From this point on, the story itself did not hold much of my attention. I couldn't find much to inspire commentary as I skimmed quickly through the details of the web of deception and Arthur Lawford's impersonation of the new doctor, the descriptions of Arthur's inner state, his disagreements with his wife and his excursions, not to mention the long philosophical discussions about life. I did however find a few more connections and a little incidental material of interest.

Another reminder of Jonathan Stroud's Lockwood 
Arthur Lawford makes a new friend, someone with the strange name of Herbert Herbert. This man believes Arthur's story about being possessed by the Frenchman when he fell asleep in the churchyard, and theorises that Nicholas Sabathier's restless ghost had been lingering on by his grave waiting for someone to ambush because he still has some living to do. 

Then, Herbert says, a godsend in the form of Arthur Lawford comes along. Arthur has been suffering from a dispiriting illness, he is half asleep, tired out and depressed; his weak inner state makes him a suitable vehicle for possession. This is spot on, and similar to what George Cubbins says to Lucy and Lockwood about ghosts homing in on vulnerable people in the previously mentioned article about Jonathan Stroud's Empty Grave.

Wednesday, 9 June 2021

Something about Walter de la Mare's Return

I like WaIter de la Mare's children's stories and poems very much indeed. I feel much the same about them as I do about the works of Eleanor Farjeon and Nicholas Stuart Gray

As is the case with many other poets and writers I like, nothing relevant about WaIter de la Mare came to mind when I was mining the past for people, books and other material of interest. However, I recently learned that he wrote a supernatural novel called The Return, a horror story about possession of the living by the dead that was first published in 1910. I am not a great reader of ghost and horror stories, but this one seemed worth investigating. 

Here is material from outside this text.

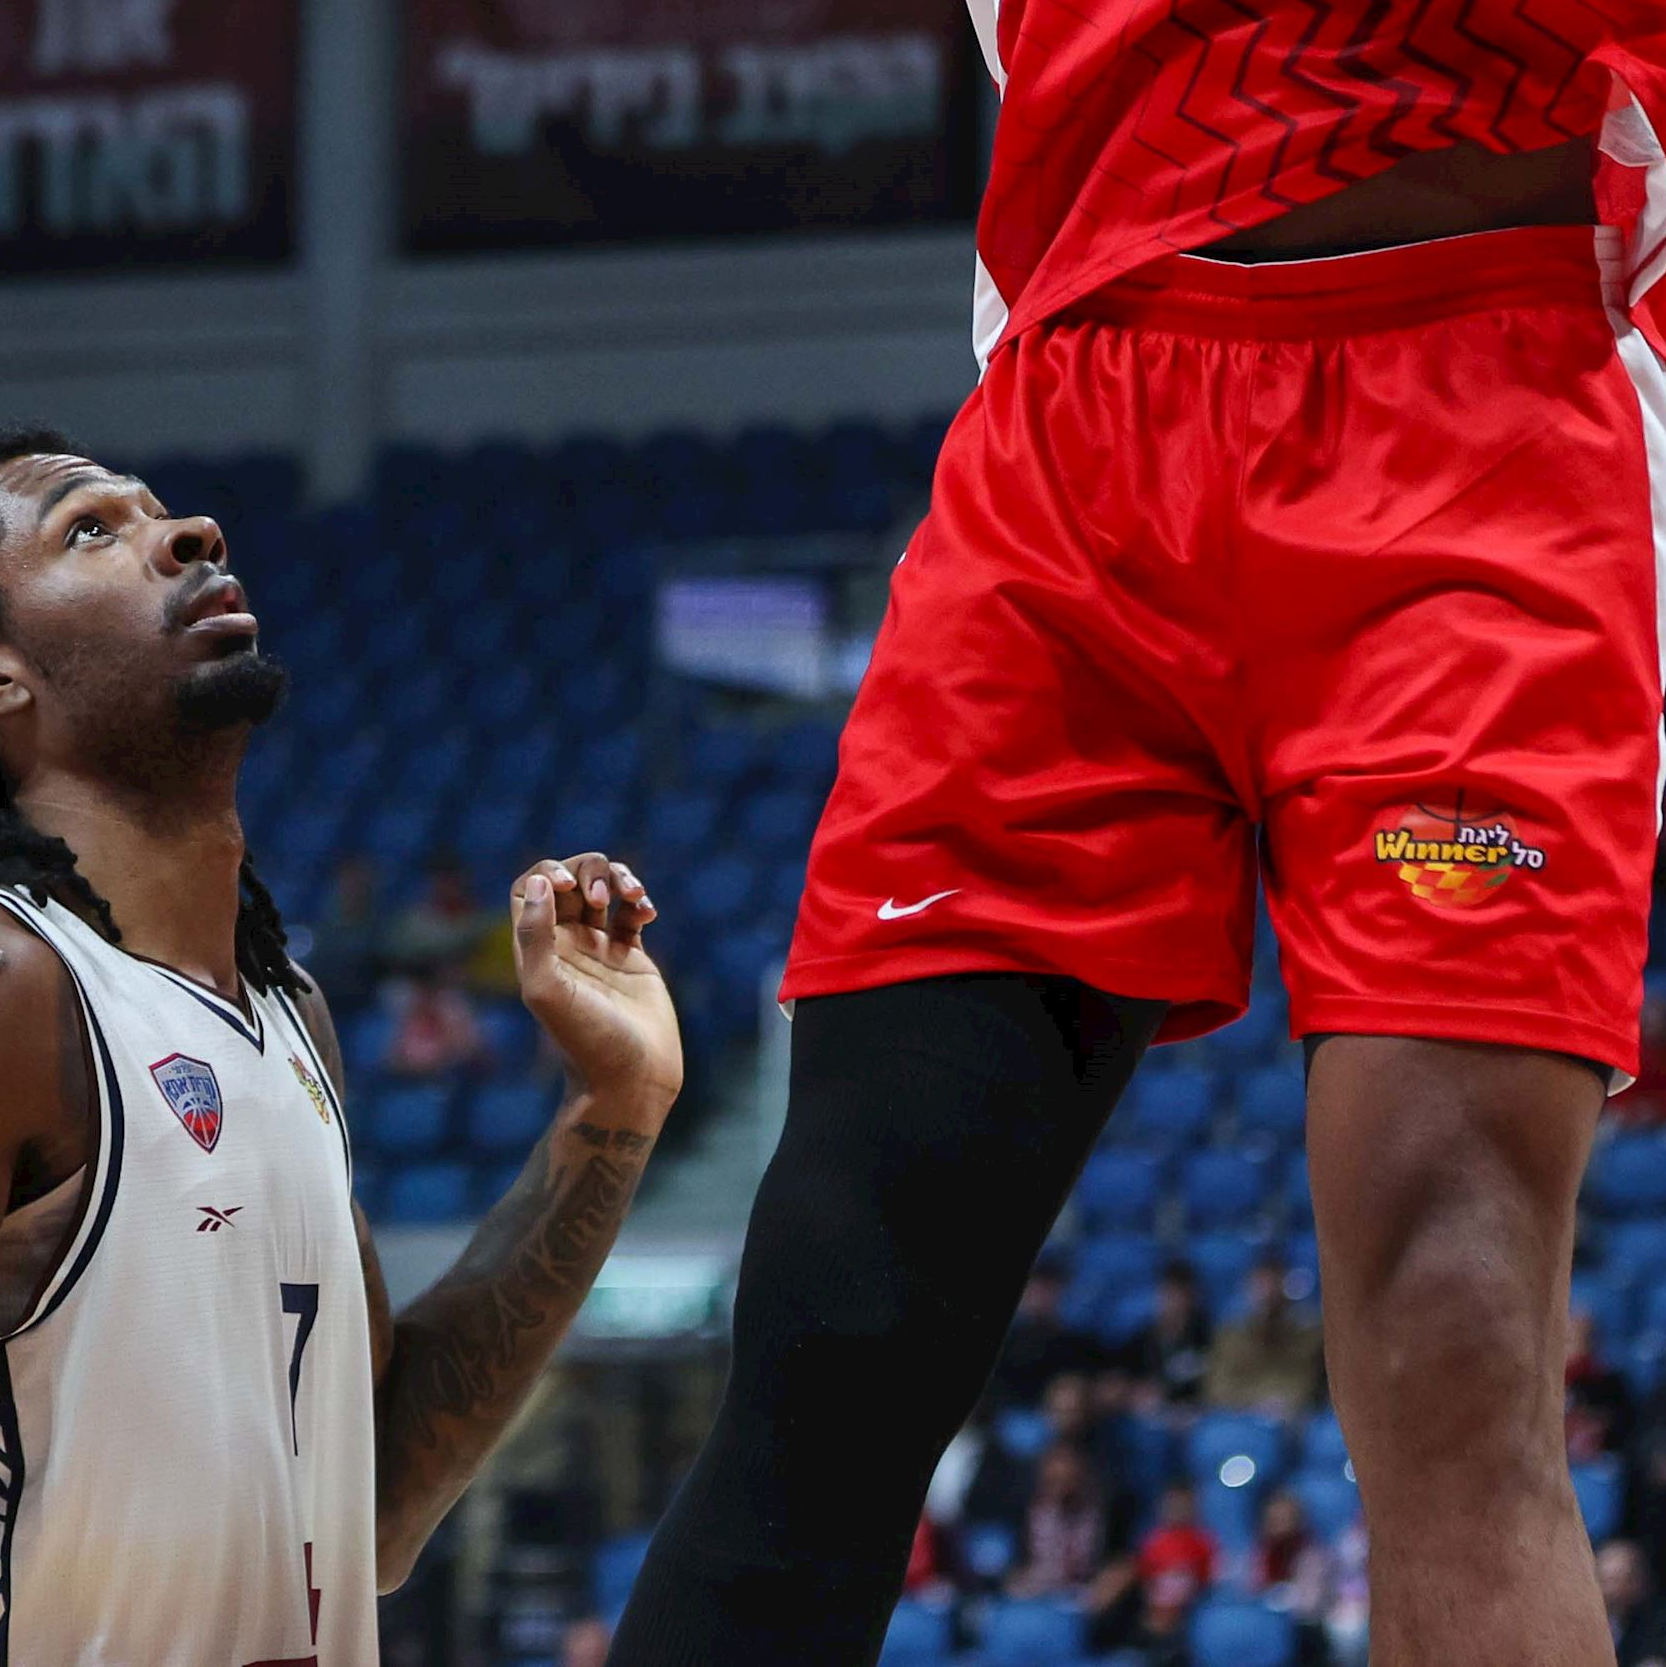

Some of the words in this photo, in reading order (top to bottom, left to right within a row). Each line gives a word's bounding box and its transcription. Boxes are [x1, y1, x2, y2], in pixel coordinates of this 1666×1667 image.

I found a copy and soon saw that while The Return is not a particularly good read, it does contain a small amount of material of interest. There are some elements in it that remind me of May Sinclair's Flaw in the Crystal, and there are a few points and connections that inspire commentary. The Return rambles a bit and the story fades away; the quotable material comes mostly from the early chapters. 

The main character is called Arthur Lawford, who is a rather dull and conventional man. He is the object of psychic possession with its associated horrors.

How the horror starts
Arthur Lawford has been suffering from ongoing ill-health. He has taken to solitary ramblings because he senses that his wife Sheila has been finding his presence irksome and would welcome his absence from the house.

He wanders around in a churchyard and reads some of the inscriptions on the headstones. An unusual grave attracts his attention; the inscription is almost illegible but he tries to decode it. The grave appears to contain the remains of a French stranger called Nicholas Sabathier who died by his own hand in 1739. He kneels down to get a closer look; his heart starts to beat in an unusual way; he feels ill and weak. He decides to go home but falls asleep instead.